- **What is required**
Apart from the images, reproduce all of the data word for word.

[Information given Boundary: Start]

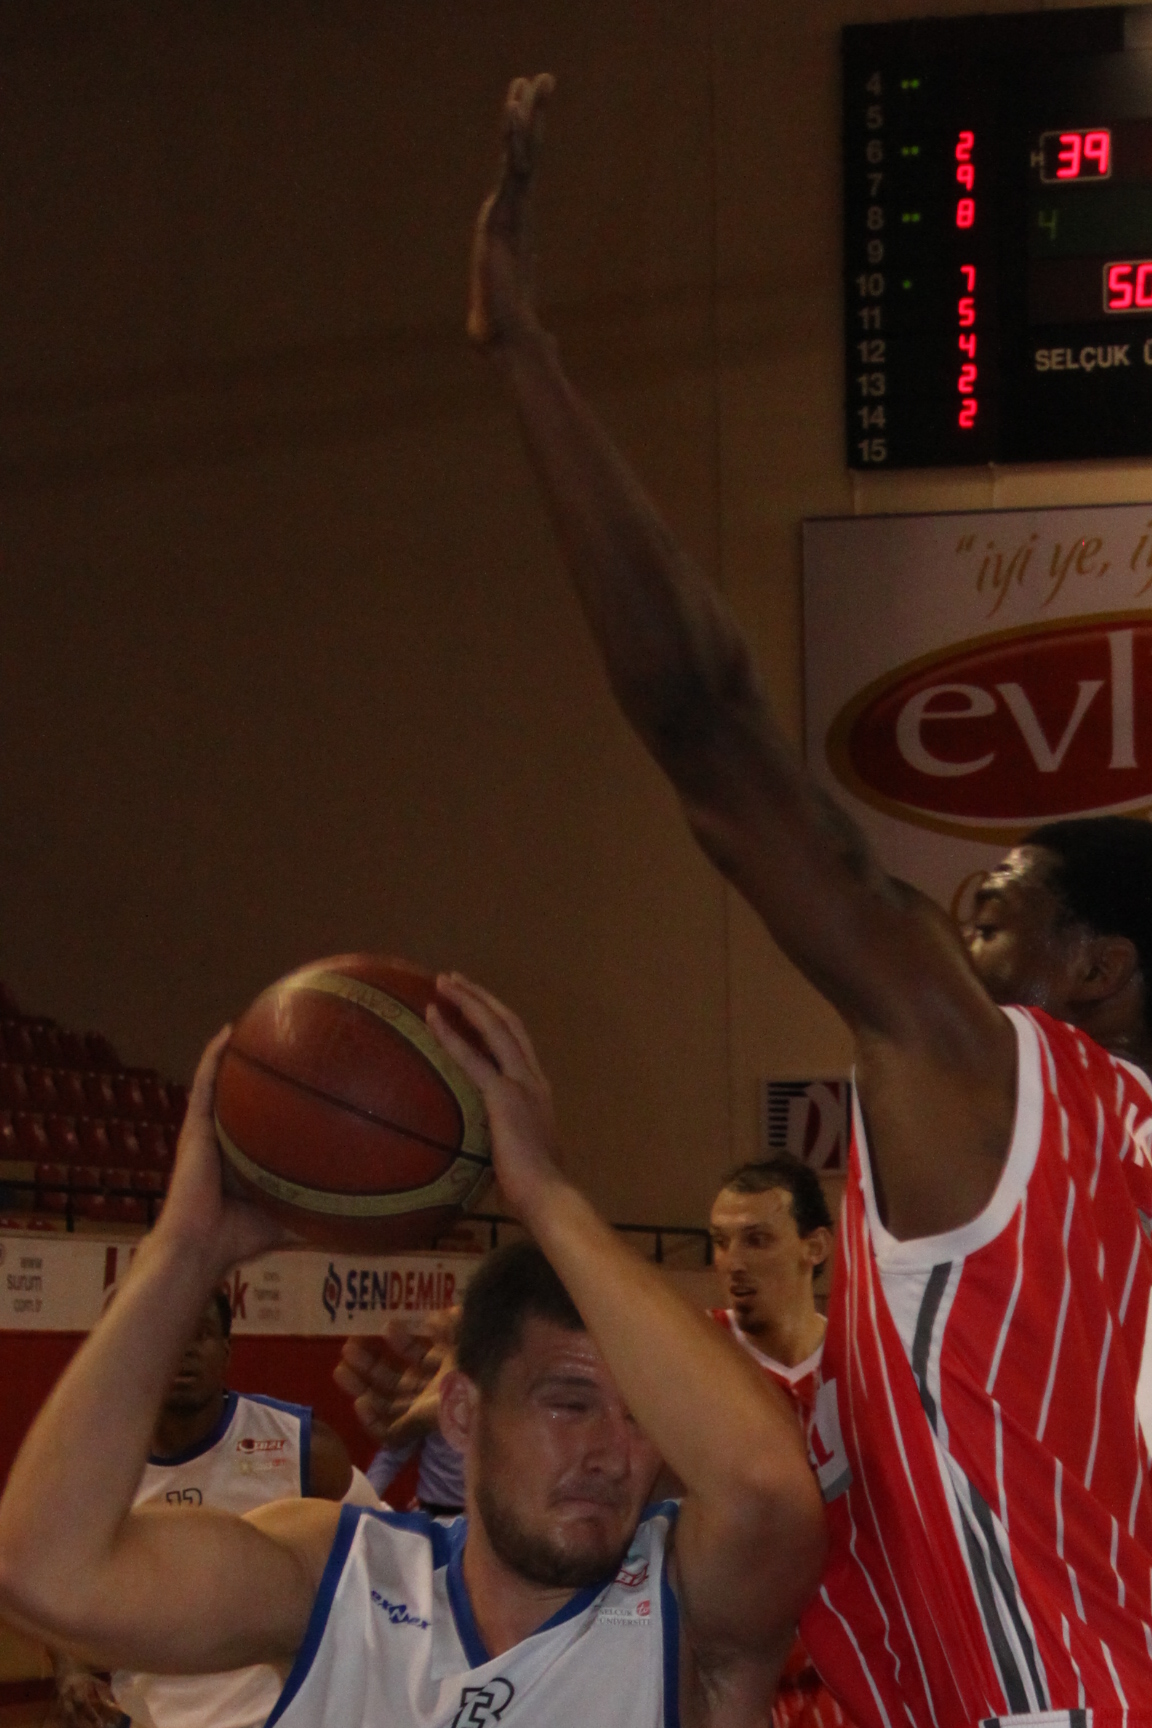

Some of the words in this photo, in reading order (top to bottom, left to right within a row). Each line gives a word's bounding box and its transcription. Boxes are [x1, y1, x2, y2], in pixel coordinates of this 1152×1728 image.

[865, 71, 883, 95] 4
[865, 104, 884, 129] 5
[865, 139, 884, 164] 6
[955, 129, 976, 161] 2
[1056, 131, 1110, 179] 39
[866, 172, 884, 197] 7
[956, 162, 976, 192] 9
[866, 205, 885, 231] 8
[956, 197, 976, 230] 8
[866, 239, 885, 264] 9
[855, 273, 885, 298] 10
[959, 262, 977, 293] 7
[857, 306, 882, 331] 11
[958, 296, 977, 328] 5
[856, 339, 886, 364] 12
[958, 331, 978, 360] 4
[1034, 344, 1131, 373] SELÇUK
[856, 372, 886, 397] 13
[958, 362, 978, 395] 2
[857, 406, 886, 430] 14
[958, 397, 979, 430] 2
[857, 438, 888, 463] 15
[346, 1263, 456, 1318] ŞENDEMİR

[Information given Boundary: End]

- **Answer to the problem**
Some of the words in this photo, in reading order (top to bottom, left to right within a row). Each line gives a word's bounding box and its transcription. Boxes are [x1, y1, x2, y2], in pixel coordinates of this 1152×1728 image.

[865, 71, 883, 95] 4
[865, 104, 884, 129] 5
[865, 139, 884, 164] 6
[955, 129, 976, 161] 2
[1056, 131, 1110, 179] 39
[866, 172, 884, 197] 7
[956, 162, 976, 192] 9
[866, 205, 885, 231] 8
[956, 197, 976, 230] 8
[866, 239, 885, 264] 9
[855, 273, 885, 298] 10
[959, 262, 977, 293] 7
[857, 306, 882, 331] 11
[958, 296, 977, 328] 5
[856, 339, 886, 364] 12
[958, 331, 978, 360] 4
[1034, 344, 1131, 373] SELÇUK
[856, 372, 886, 397] 13
[958, 362, 978, 395] 2
[857, 406, 886, 430] 14
[958, 397, 979, 430] 2
[857, 438, 888, 463] 15
[346, 1263, 456, 1318] ŞENDEMİR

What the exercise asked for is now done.